WHAT THE TASK ASKS> Output the full listing verbatim.

BEGIN

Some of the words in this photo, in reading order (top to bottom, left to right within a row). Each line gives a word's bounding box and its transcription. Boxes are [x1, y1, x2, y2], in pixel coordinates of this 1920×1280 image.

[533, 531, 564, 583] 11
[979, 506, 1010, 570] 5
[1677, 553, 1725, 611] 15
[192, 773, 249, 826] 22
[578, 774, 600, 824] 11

END

THE ANSWER>
Some of the words in this photo, in reading order (top to bottom, left to right within a row). Each line gives a word's bounding box and its transcription. Boxes are [x1, y1, x2, y2], in pixel coordinates of this 1920×1280 image.

[533, 531, 564, 583] 11
[979, 506, 1010, 570] 5
[1677, 553, 1725, 611] 15
[192, 773, 249, 826] 22
[578, 774, 600, 824] 11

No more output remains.